В тот же вечер я посетил штаб‑квартиру прогрессистов. Рослые, бронзовые от загара люди плакали, не стесняясь. Другие ходили взад и вперед ошеломленные. В воздухе царило ощущение беды. Да, интеллигенты‑радикалы знали, что это произойдет таким образом, так нагло и грубо, но они думали, что полковник мог бы оставить и им какую‑нибудь лазейку, как он оставил себе. Они не понимали, что это было как раз в его духе. В том‑то и заключалась его цель, что он хотел бесповоротно порвать с этими «чудаками», с этим «сбродом». Его намерением было нанести им пощечину, предложив в качестве кандидата от прогрессистов Генри Кабота Лоджа. А теперь они остались, по выражению одного из прогрессистов, «одни на подпиленном суку».

Что же касается полковника Рузвельта, то он вернулся обратно к единственным людям, с которыми ему хорошо: к «хищникам‑плутократам». Теперь он по крайней мере не связан больше с демократией. От одного этого ему, несомненно, легче дышать. Что же до самой демократии, то мы можем только надеяться, что когда‑нибудь она перестанет доверять людям.

 

1916 год.

 

Антинародная война

 

Был один из тех влажных и душных летних вечеров, какие нередки в Вашингтоне. После превосходного обеда мы сняли для удобства пиджаки и перешли в библиотеку. Дворецкий принес нам сифоны, лед, высокие стаканчики и принадлежности для курения.

Нас было четверо или пятеро: я – человек новый в этом мире, и другие – умные молодые люди, год назад или около того кончившие колледж. Теперь они работали добровольцами: кто в комитете по снабжению при Продовольственном управлении Гувера, кто в одном из бесчисленных подкомитетов Совета национальной обороны.

Люди эти располагали достаточными средствами, чтобы позволить себе работать на войну в Вашингтоне. Ни у кого из них не было подлинного опыта в борьбе за существование. По своему складу ума они были более склонны к психологии и литературной критике, нежели к политической деятельности. Войну и воинскую повинность они восприняли как шаг вперед в осуществлении политической теории, согласно которой человечеством в конечном счете будет управлять разум. Позвольте мне добавить, что каждый из них был готов «внести свою лепту», даже если бы пришлось умереть за родину. Один из них собирался записаться добровольцем в авиационный корпус, другие думали, что смогут принести больше пользы на постах советников и организаторов, нежели в окопах.

«Ни один сколько‑нибудь интеллигентный человек не считает войну популярной», – заговорил один из парней.

Как‑то вечером мы, несколько человек, обедали вместе. Тут были Джо, Джордж Ньютон, несколько ребят из Военного департамента и крупные заправилы‑дельцы из подкомитетов Совета национальной обороны.

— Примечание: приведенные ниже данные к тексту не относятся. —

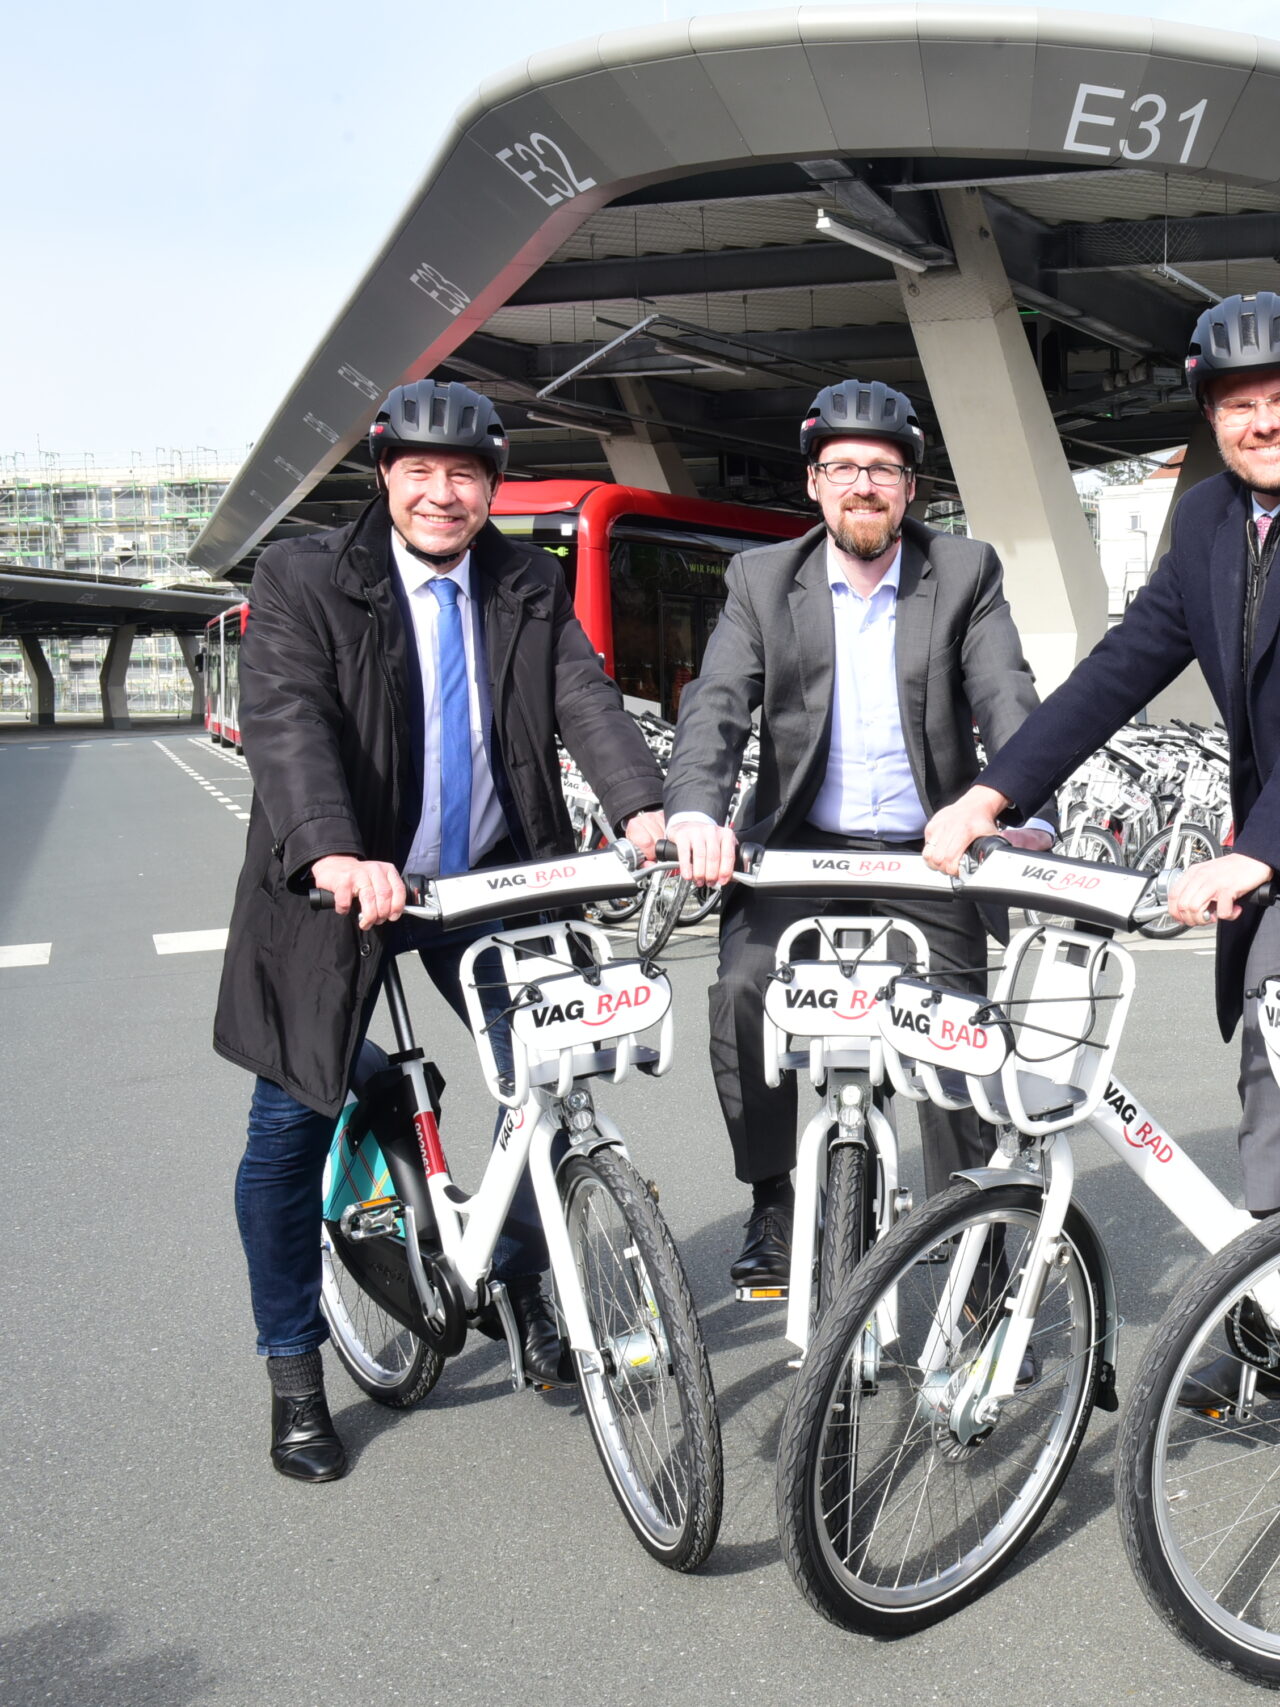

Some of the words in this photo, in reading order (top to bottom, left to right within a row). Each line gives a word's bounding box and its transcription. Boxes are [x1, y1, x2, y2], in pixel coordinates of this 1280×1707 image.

[1063, 83, 1208, 164] E31
[495, 132, 598, 207] E32
[409, 262, 471, 316] E33
[337, 362, 383, 401] E34
[563, 780, 579, 790] VAG
[487, 874, 527, 890] VAG
[535, 866, 577, 883] RAD
[812, 859, 850, 870] VAG
[859, 860, 901, 872] RAD
[1021, 865, 1058, 881] VAG
[1060, 873, 1101, 889] RAD
[531, 1000, 584, 1028] VAG
[597, 985, 651, 1015] RAD
[785, 989, 838, 1009] VAG
[889, 1005, 930, 1035] VAG
[941, 1019, 988, 1049] RAD
[499, 1113, 514, 1152] VAG
[1103, 1081, 1137, 1125] VAG
[1135, 1121, 1173, 1163] RAD

Мы хотели придумать сенсацию, или, как выражаются коммивояжеры, «подать войну». Три битых часа сидели мы, ломая себе голову, но не смогли придумать ни единого достаточно серьезного аргумента, который мог бы возбудить патриотизм рядового гражданина, не будучи вместе с тем откровенной ложью. Конечно, у нас были достаточно веские аргументы для себя, но для любой рекламной компании они были чересчур… скажем мягко, «возвышенны».

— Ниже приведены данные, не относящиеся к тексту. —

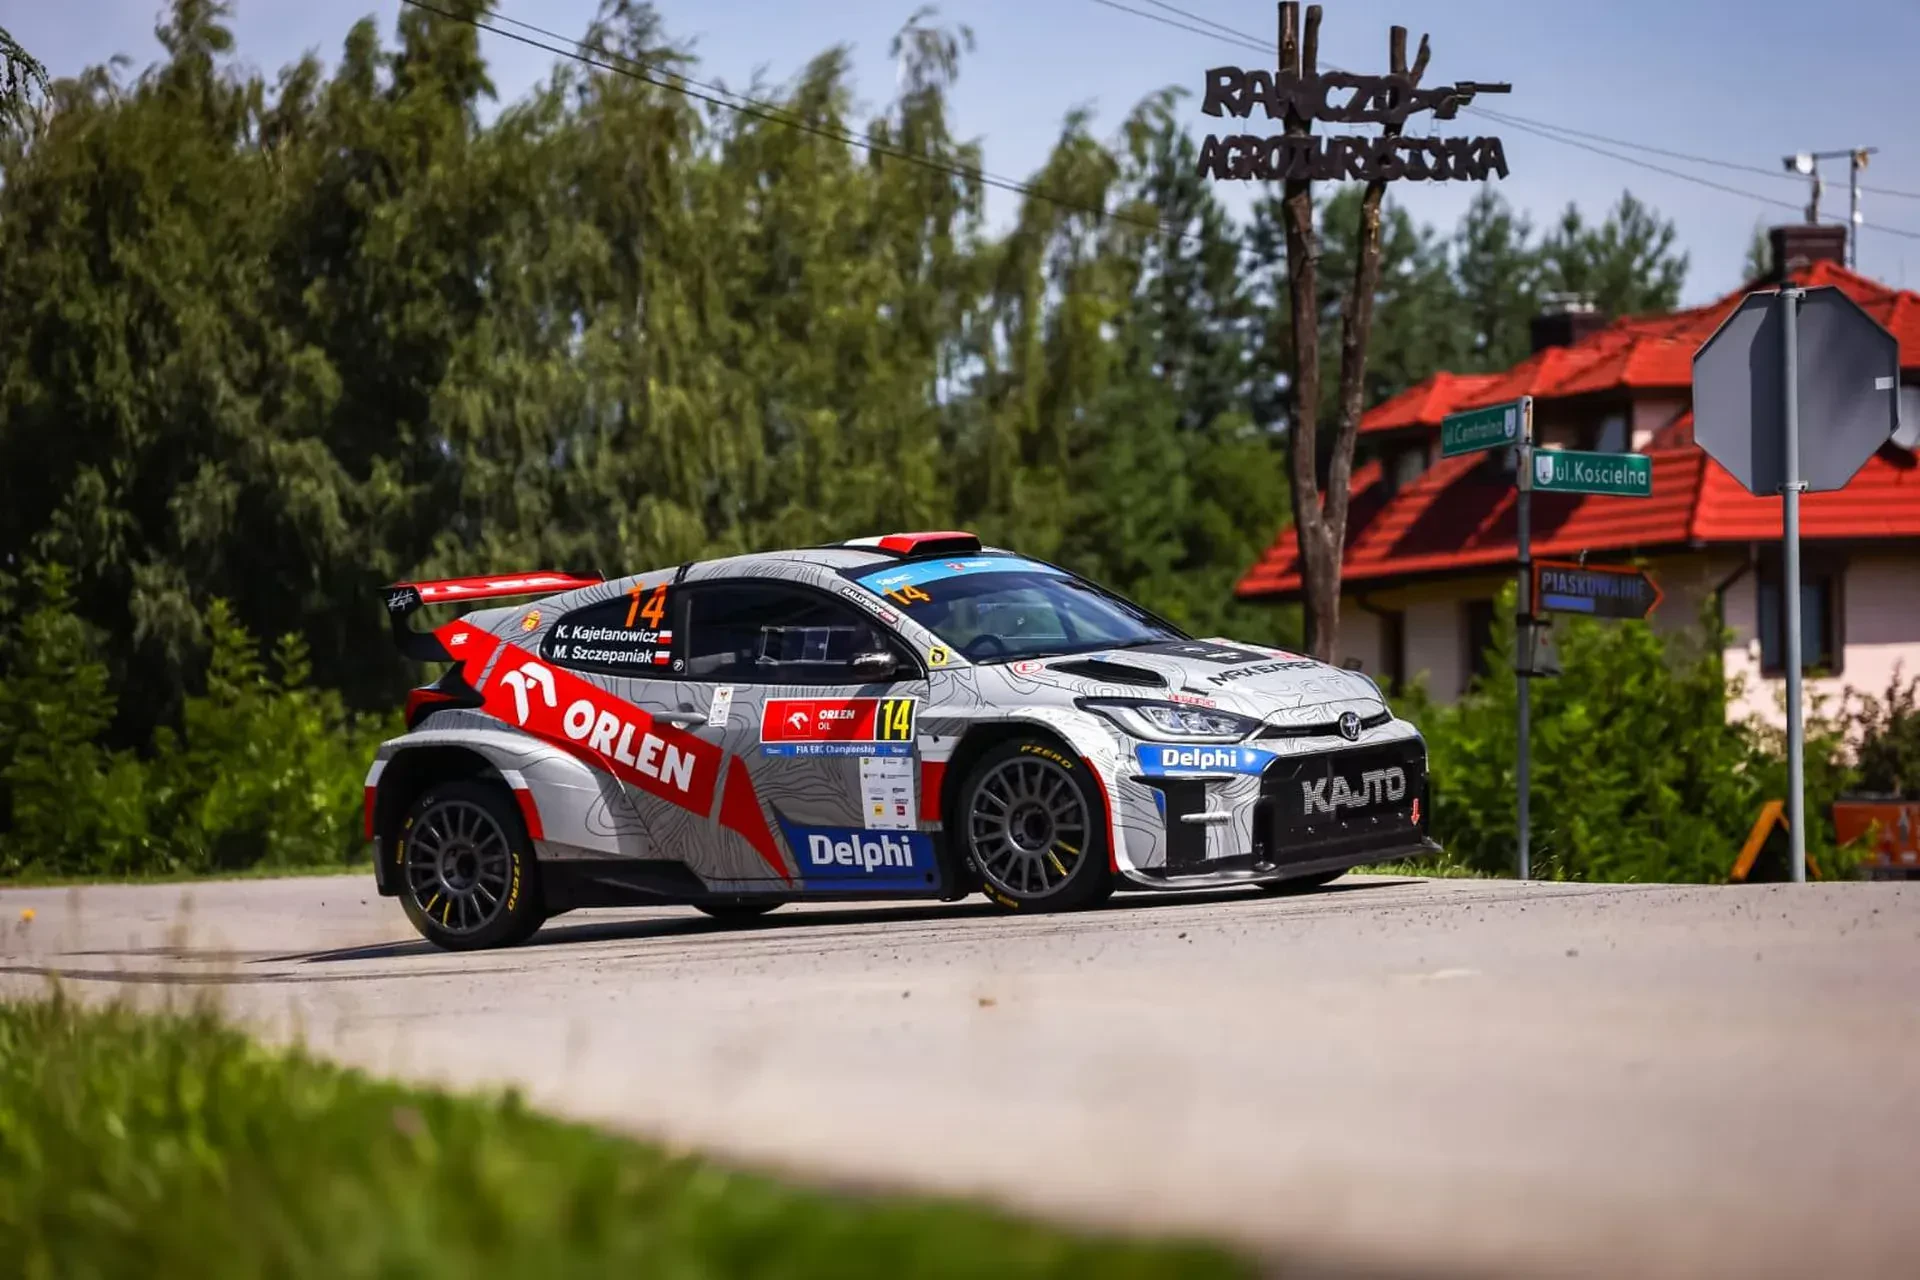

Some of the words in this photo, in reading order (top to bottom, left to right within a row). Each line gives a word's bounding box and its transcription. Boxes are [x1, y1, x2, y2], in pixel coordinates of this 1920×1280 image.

[626, 582, 668, 628] 14
[883, 583, 931, 605] 14
[555, 625, 569, 639] K.
[572, 625, 658, 643] Kajetanowicz
[552, 644, 568, 659] M.
[571, 645, 653, 664] Szczepaniak
[817, 721, 831, 730] OIL
[818, 709, 856, 720] ORLEN
[883, 700, 911, 740] 14
[563, 700, 697, 793] ORLEN
[1162, 748, 1237, 770] Delphi
[1302, 766, 1407, 815] KAJTO
[808, 834, 913, 872] Delphi

Тут заговорил энергичный полковник авиации, который сидел, откинувшись назад и пуская к потолку дым из дорогой сигары.

«Знаете, что нам нужно? Только одно – то самое, что помогло в Англии. Потери. Сначала невозможно было заинтересовать массы англичан войной; им нельзя было внушить, что война – это их кровное дело. Но когда начали приходить списки убитых, раненых и искалеченных – кстати, тут Англия должна благодарить немецкие зверства, – тогда ненависть к немцам начала просачиваться из семей убитых и раненых в толщу народа. Ведь патриотизм – это общественный гнев, приспособленный для военных целей.

Если бы я задался целью сделать эту войну популярной, я начал бы с отправки трех или четырех тысяч американских солдат на верную смерть. Это привело бы в возбуждение всю страну».

Когда бы этот молодой человек мог пробудить Америку, попросту пожертвовав собой, я думаю, что он не поколебался бы сыграть роль Курция[36]. Он сделал бы это, несмотря на то, что по своей натуре был человеком, чуждым романтических иллюзий, и что в данном случае он лишь играл бы на сентиментальности публики ради сознательного достижения своей цели. Но он прекрасно знал, что не может совершить ничего такого, что могло бы хоть в самой легкой степени воодушевить американский народ, даже если бы это действие само по себе не было чуждо его темпераменту. Единственное, что может задеть людей за живое, – это боль, горе, чувство безвозвратной утраты. А потому давайте перебьем несколько тысяч парней для нашего общего блага.

Жизнь дешево ценится теперь, и если, уничтожив несколько тысяч молодых людей – меньше, чем погибает за день на фронтах мировой войны, – можно будет сделать решительный шаг к освобождению человечества, я знаю, где найдутся люди, способные сделать это. Но когда тебя принуждают или соблазняют дешевыми эффектами поддерживать политические теории, которые слишком сложны или изысканны, чтобы воспламенить массу народа, то это, по‑моему, смахивает на те старые, недемократические махинации, которые явились причиной пожара в Европе.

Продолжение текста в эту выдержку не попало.